These will be the only visible signs of the South West Hub project, designed to test the feasibility of pumping megatonnes of carbon dioxide into the vast Wonnerup sandstone layer, a kilometre-and-a-half deep beneath the Jarrah-Marri trees on the surface.
The gas will be liquefied in a nearby compressor building – an anonymous farm shed – and transported to the injection site via underground pipes.
Wonnerup is an example of carbon capture and storage, one of a suite of technologies known as geoengineering, or climate engineering.
Geoengineering is a mixed bag, but the idea involves large-scale interventions at the level of the whole planet, with the goal of fixing the climate.
It’s tricky, dangerous, and largely considered “fringe science”.
The proposals come in two main flavours.
One is carbon dioxide removal, which strips the gas from the atmosphere and slowly restores atmospheric balance.
A mix of techniques would be needed: hundreds of factories like Wonnerup, billions of new trees and plants, plus contentious technologies such as artificially encouraging the growth of plankton.
The second is solar radiation management, intended to cool the Earth by stopping the sun’s heat from reaching the planet’s surface.
That can be achieved by pumping minute particles into the atmosphere, but carries the risk of killing billions of people.
Right now, we don’t have the tools or the knowledge to deploy these fixes.
But some prominent climate scientists argue that as carbon emissions continue to rise, geoengineering will have to be employed to avoid catastrophic climate change………….
As we’re failing to keep the planet pleasant and habitable for future generations, could we instead fix the climate with technology?
With geoengineering?
Debate about geoengineering in Australia is “almost being avoided”, according to Professor David Karoly, a noted atmospheric scientist at the University of Melbourne.
He is a member of the Climate Change Authority, which advises the federal government, and was involved in preparing the 2007 IPCC report on global warming.

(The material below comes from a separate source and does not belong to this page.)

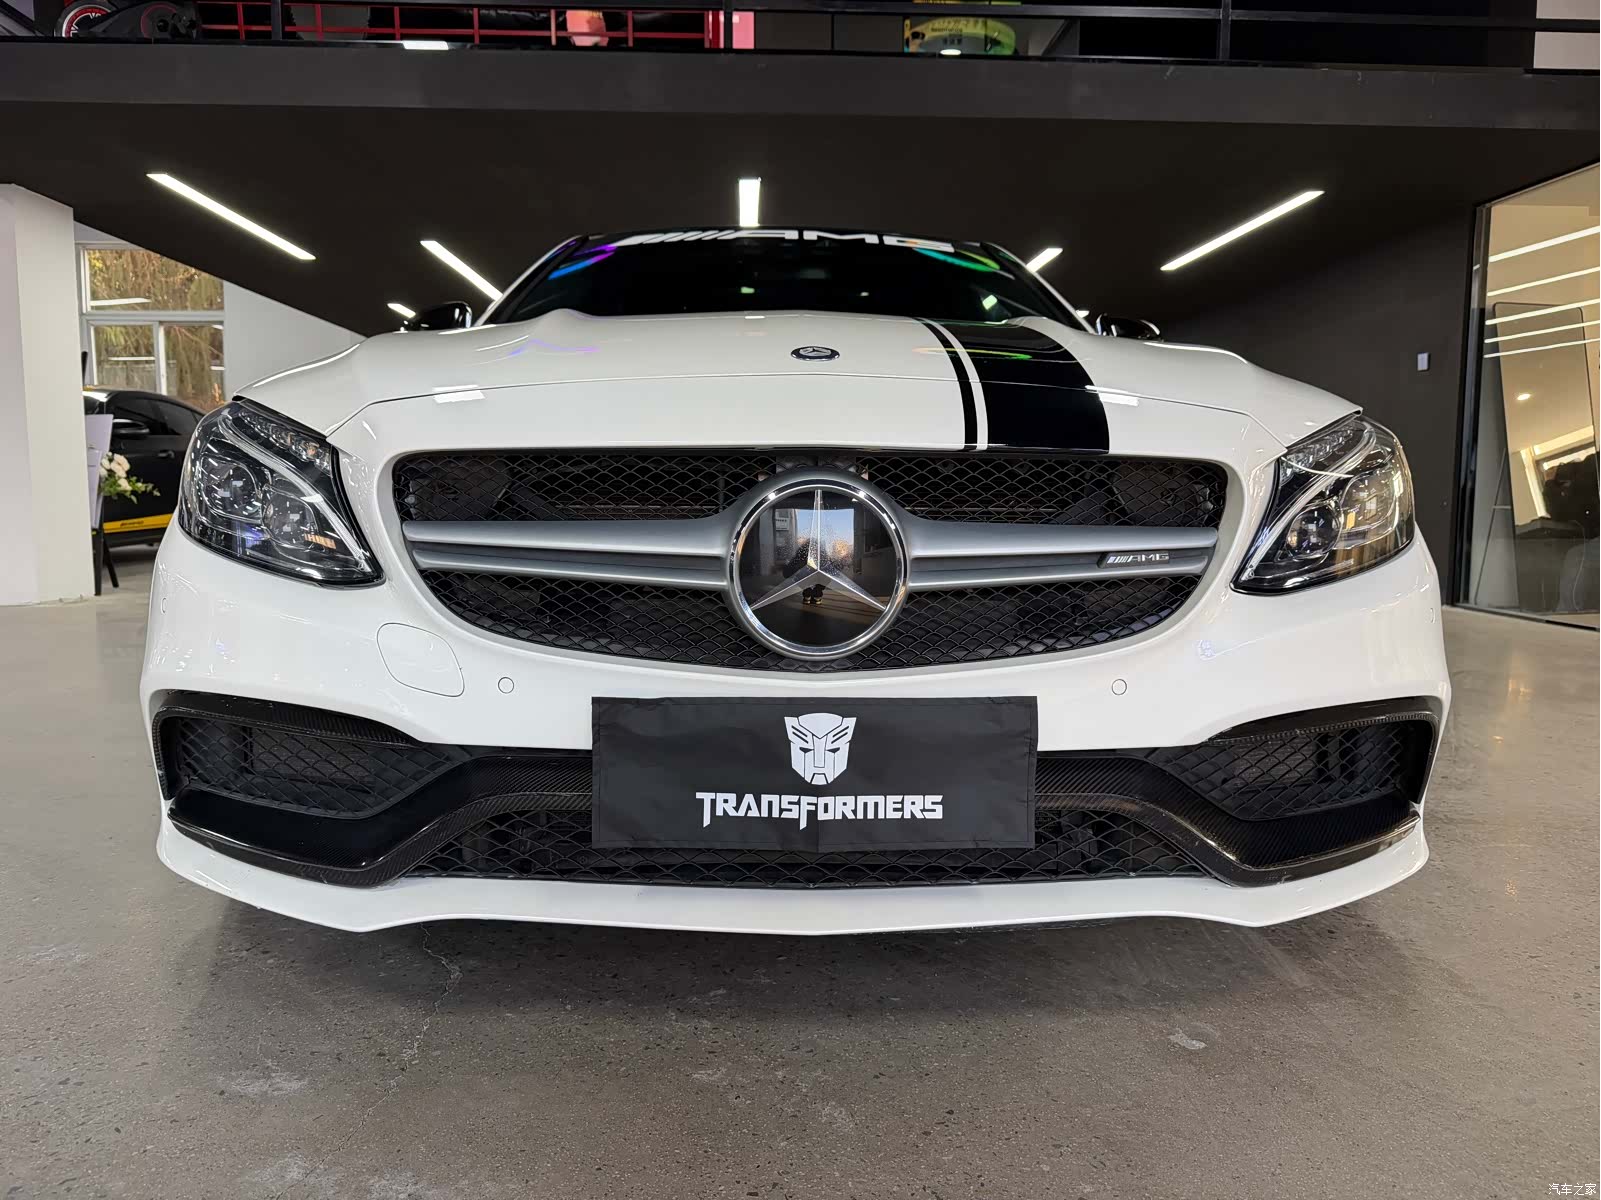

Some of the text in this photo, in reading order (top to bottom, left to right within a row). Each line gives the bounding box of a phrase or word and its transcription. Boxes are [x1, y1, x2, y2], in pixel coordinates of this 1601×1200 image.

[717, 229, 955, 253] AMG
[1127, 553, 1169, 563] AMG
[695, 792, 943, 830] TRANSFORMERS

“There’s very little discussion on it in terms of government circles, there’s very little research on it, there’s very little discussion of it in what might be called mainstream science,” Professor Karoly says.
Policymakers are including geoengineering in their plans, but many technologies are still unproven and potentially dangerous.
“You’ll generally find among climate scientists that almost all are opposed to geoengineering,” says Professor Jim Falk, of the University of Melbourne’s Sustainable Society Institute.
“They’re already pretty concerned about what we’ve done to the climate and don’t want to start stuffing around doing other things we only half-understand on a grand scale.”
When the US National Academy of Science launched a report last year analysing geoengineering options, committee head Marcia McNutt, a geophysicist, was asked if any should be deployed.
She replied “Gosh, I hope not”.
The report considered carbon dioxide removal and solar radiation management so risky it used the term “climate intervention” instead of geoengineering, arguing the term “engineering” implied a level of control that doesn’t exist.
But the IPCC has considered scenarios where such engineering would be necessary: its 2014 assessment report mentions bio-energy carbon capture and storage (known as BECCS), where plant fuel is burned and the resulting carbon dioxide buried.
And the Paris Agreement noted there would be need for a “balance between anthropogenic emissions by sources and removals by sinks of greenhouse gases” in 2050-2100.
“A few years ago, these exotic Dr Strangelove options were discussed only as last-ditch contingencies,” wrote Kevin Anderson, deputy director of the UK’s Tyndall Centre for Climate Change, of the Paris talks in Nature magazine.
“Now they are Plan A.”………
Australian geoengineering research lags far behind the world leaders in the US, UK and Germany. It’s limited to a handful of scientists in Sydney and Hobart, and our major achievement is helping to halt commercial oceanic geoengineering.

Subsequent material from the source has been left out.